Given the reality of overdiagnosis, cancer detection is an insufficient and potentially harmful endpoint for a screening trial. Instead, we must consider the full range of possible benefits and harms associated with introducing a more sensitive screening test. A framework for conceptualizing the possible benefits and harms of screening with a standard modality 1 (eg, mammography alone) as compared with a more sensitive modality 2 (eg, mammography combined with MRI) is shown in Figure 1. If a cancer is detected with modality 2 but would have been missed at that time with modality 1, one can examine the potential outcomes if the woman had never been screened with modality 2 but had continued screening only with modality 1. The following are possible outcomes: interval cancer diagnosed later, later screen detection of cancer, and cancer would never have been diagnosed (overdiagnosis). For the first 2 outcomes, the cancer could have been diagnosed in the same stage (eg, 1 A) as with modality 2 or at a higher stage; presumably, it would be more likely to be at a higher stage with an interval than with a screen-detected cancer. For the same stage, prognosis and treatment can be assumed similar; therefore, earlier diagnosis per se can be treated as a minor harm of modality 2 (relative to 1). In the absence of clinical benefit, the earlier diagnosis of breast cancer may simply increase the time period that a patient lives with the knowledge that she has cancer and thereby possibly increase the period of anxiety. For a higher stage diagnosis, it could make the difference between dying of breast cancer (with modality 1) or not (with modality 2), clearly a major benefit of modality 2. Alternatively, the woman could survive under either modality but have more intense treatment or disease course with modality 1, thus a minor-moderate benefit of modality 2 in terms of improved quality of life. Finally, an overdiagnosed cancer is a major harm of modality 2.

Figure 1. — Consequences of earlier detection. A) With cancer present at a given age (here, 55 years), the standard modality (1) gives a negative screen, whereas the more sensitive modality (2) finds a screen-detected cancer. Alternative outcomes of what would have transpired if the woman had undergone only modality 1 screening are shown. B) Downstream consequences of the alternative outcomes are shown, as well as the net effect of using modality 2. Some scenarios (in **blue**) are relative benefits of modality 2 relative to 1, whereas others (in **red**) are potential harms.

Tumor Detection Endpoints

Unfortunately, current breast cancer screening practices are often predicated on clinical studies with tumor-detection endpoints. As seen in Table 1, of the 32 breast cancer screening trials initiated since 2010, 23 (71.8%) had the cancer detection rate, sensitivity, or area under the receiver operating characteristic curve as a primary endpoint. A large observational study from 13 academic and nonacademic breast centers showed that the addition of DBT to screening mammography decreased false-positive rates and statistically significantly increased breast cancer detection rates (2). The results of this and similar single institution studies fueled the rapid implementation of screening DBT throughout the United States (19). For women with a familial breast cancer risk, a randomized trial from the Netherlands showed that screening mammography combined with MRI detects greater numbers of cancers and those at an earlier stage when compared with screening mammography alone (3). As a consequence of this trial and observational studies with similar findings, the addition of breast MRI screening to mammography is generally recommended for women with a familial risk (20). Similarly, for women with dense breasts and a negative screening mammogram, numerous studies have shown that supplemental screening with either DBT, MRI, or ultrasound statistically significantly increases breast cancer detection rates, and supplemental screening is now widely recommended for women with dense breasts (4, 5). To further elucidate the optimal screening method for women with dense breasts, a phase II trial (ECOG-ACRIN 1141) compared abbreviated breast MRI and DBT, with rates of invasive breast cancer detection as the primary endpoint (6). Abbreviated breast MRI detected statistically significantly greater numbers of invasive breast cancers, and this was interpreted as a favorable screening outcome, supporting its use as the preferred screening method for women with dense breasts.

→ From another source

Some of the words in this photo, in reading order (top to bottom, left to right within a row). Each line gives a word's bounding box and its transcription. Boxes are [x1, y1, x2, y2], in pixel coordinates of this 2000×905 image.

The Dense Tissue and Early Breast Neoplasm Screening trial in the Netherlands compared screening with mammography alone vs mammography combined with supplemental MRI for women with extremely dense breasts, and the primary outcome of interest was the interval cancer detection rate (ie, cancers detected during the intervals between screening sessions) in the 2 arms of the study (7). Supplemental MRI screening substantially improved sensitivity and thereby decreased the interval cancer detection rate, but the relation between rates of interval cancer detection and breast cancer mortality is not clear. Although interval cancers generally have a more aggressive tumor biology and worse prognosis than screen-detected cancers, the interval cancer detection rate has not been validated as a proper surrogate outcome measure for mortality in screening trials (21–23). Validation would require conducting a randomized screening trial assessing the screening modalities of interest that analyzed both breast cancer mortality (ie, the true endpoint) and interval cancer detection rate (ie, the surrogate endpoint) (24). Of note, in the Dense Tissue and Early Breast Neoplasm Screening trial, 42% of the interval cancers in the mammography-alone arm were early stage (0 or 1) and 55% were node-negative, and these cancers would be unlikely to have a substantial adverse effect on mortality (7).

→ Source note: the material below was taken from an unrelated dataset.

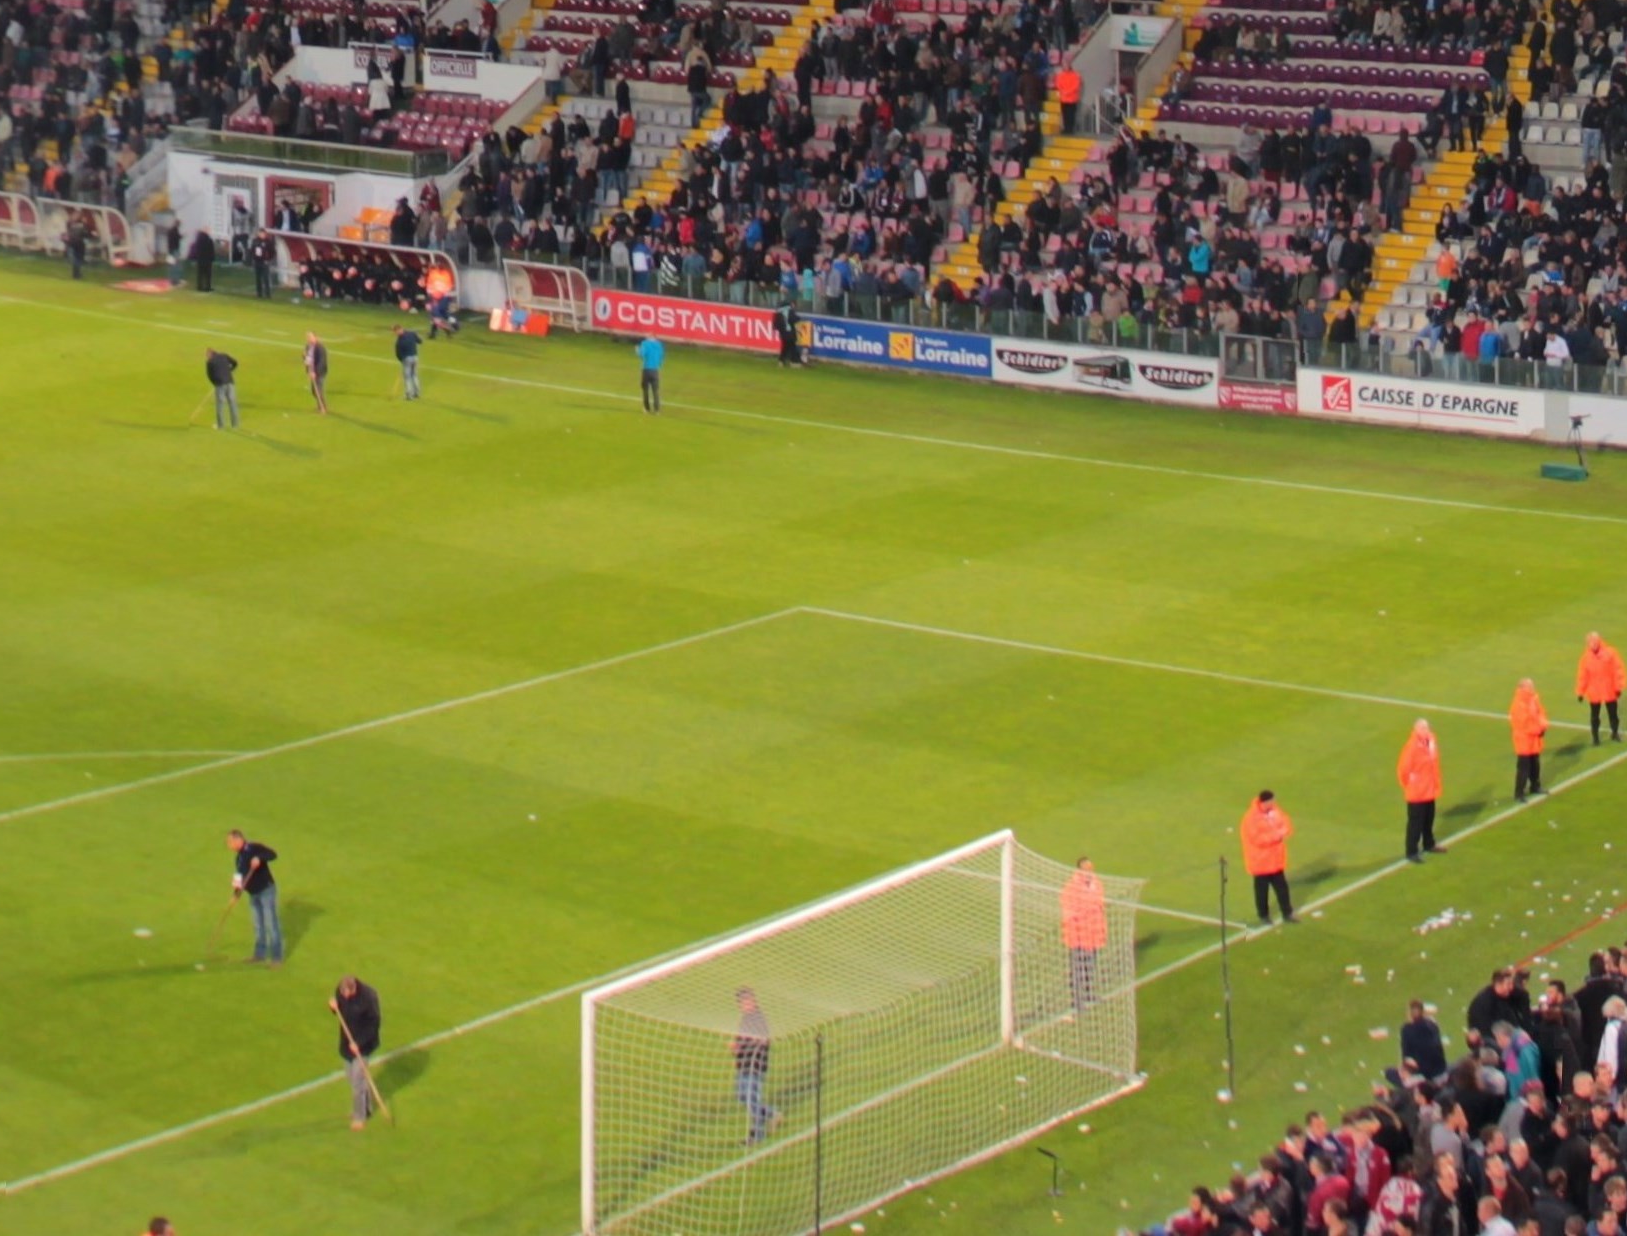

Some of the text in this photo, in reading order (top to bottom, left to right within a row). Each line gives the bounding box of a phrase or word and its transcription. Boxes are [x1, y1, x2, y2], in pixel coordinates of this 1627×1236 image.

[432, 60, 474, 76] OFFICIELLE
[814, 333, 884, 354] Lorraine
[915, 345, 988, 368] Lorraine
[1358, 386, 1519, 417] CAISSE D'EPARGNE

Today, nearly half of all women in the United States are categorized as having dense breasts, and most states have enacted legislation requiring that women be notified of their breast density status following screening mammography (25). Furthermore, some states require insurers to cover the cost of supplemental screening for women with dense breasts (26). Although supplemental screening has been shown to increase breast cancer detection rates, its effect on mortality is not known, and the potential for overdiagnosis is a concern.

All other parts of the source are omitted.